Exercise and Physical Activity Recommendations

It is important to be physically active every day to maintain healthy lungs and to help your overall health. Try to make exercise and physical activity be part of your daily routine. Do exercise that you enjoy, exercising with a friend or family member, listening to music while you exercise, and try to make it fun. These ideas  can be helpful ways to motivate you.
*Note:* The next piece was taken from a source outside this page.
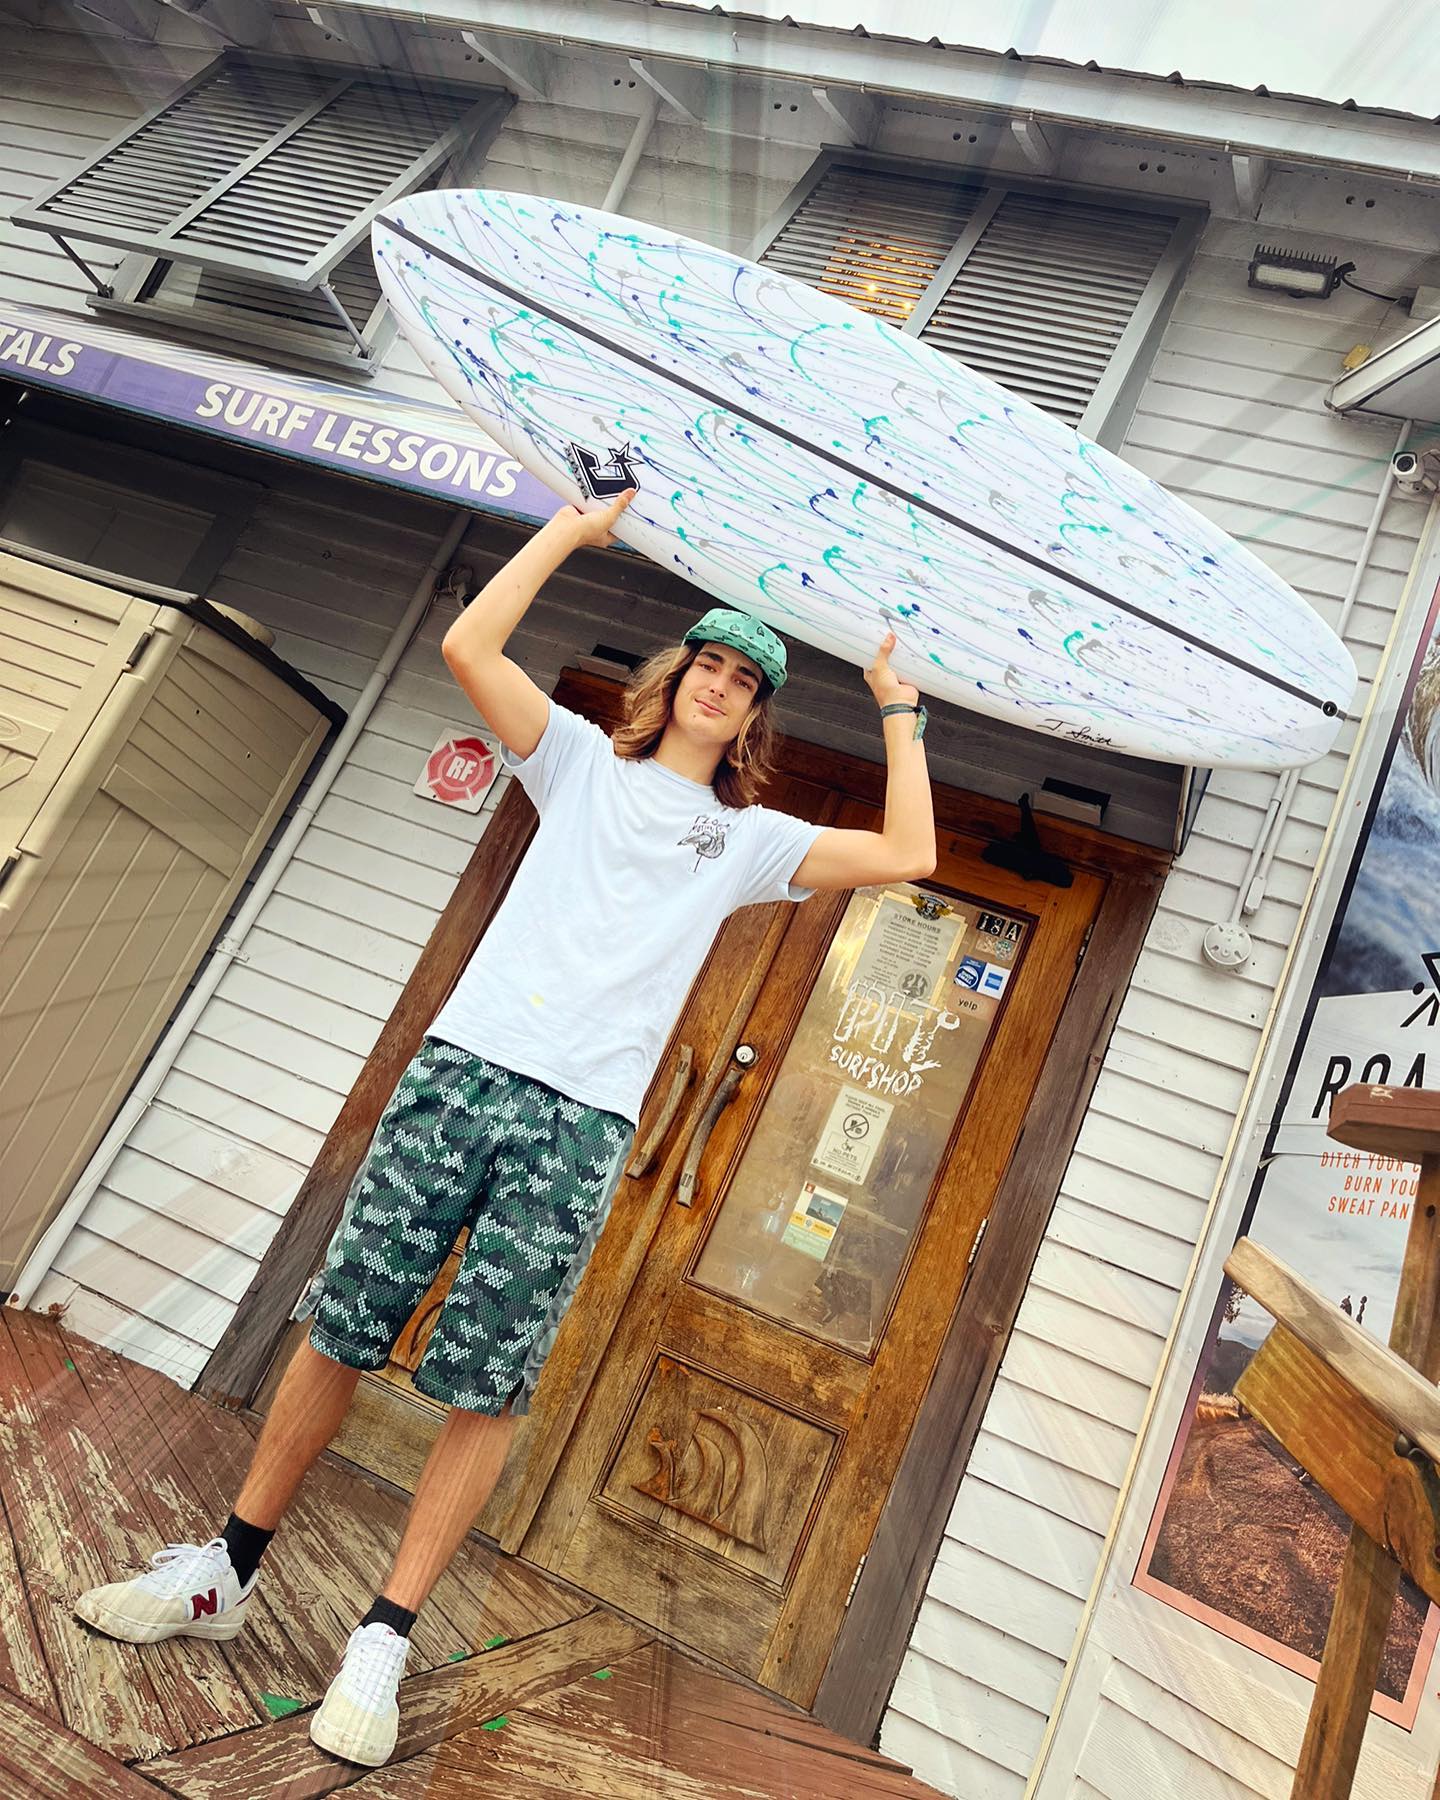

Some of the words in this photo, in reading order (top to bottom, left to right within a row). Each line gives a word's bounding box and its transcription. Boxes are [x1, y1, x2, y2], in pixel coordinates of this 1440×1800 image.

The type of exercises you do will be influenced by many factors, but particularly your age, and your health (your lung function and your body composition e.g. muscle mass). Contact sports may need to be avoided by some individuals with CF with certain complications such as osteoporosis or liver disease – always discuss your exercise choice with your CF team if you are unsure. There are different types of exercise and each can help in different ways. Try to include different types of exercise in your weekly exercise plan. See below for examples of different types of exercise:

  • aerobic exercise: exercises which make your heart beat faster and you breathe faster. Aerobic exercise can be performed at a low to moderate intensity for example swimming, bike riding, or at high intensity such as sprint running, or HIIT (high-intensity interval training).
  • strength training: exercises performed at moderate to higher intensities that build muscle and bone strength, for example jumping, climbing, weight training.
  • flexibility exercises: these exercises help to keep your muscles, tendons and joints moving to their best ability and can help to prevent injuries if you do these exercises regularly.  

Your physiotherapist can work together with you and come up with an exercise program that works for you. Your physiotherapist may ask you to perform an exercise test each year, or at different times in your health journey. These tests may be called a modified shuttle test, a 6-minute walk test, a step test, or a test that you do in a special lab in the hospital. These tests can help you keep track of your fitness and your lung health.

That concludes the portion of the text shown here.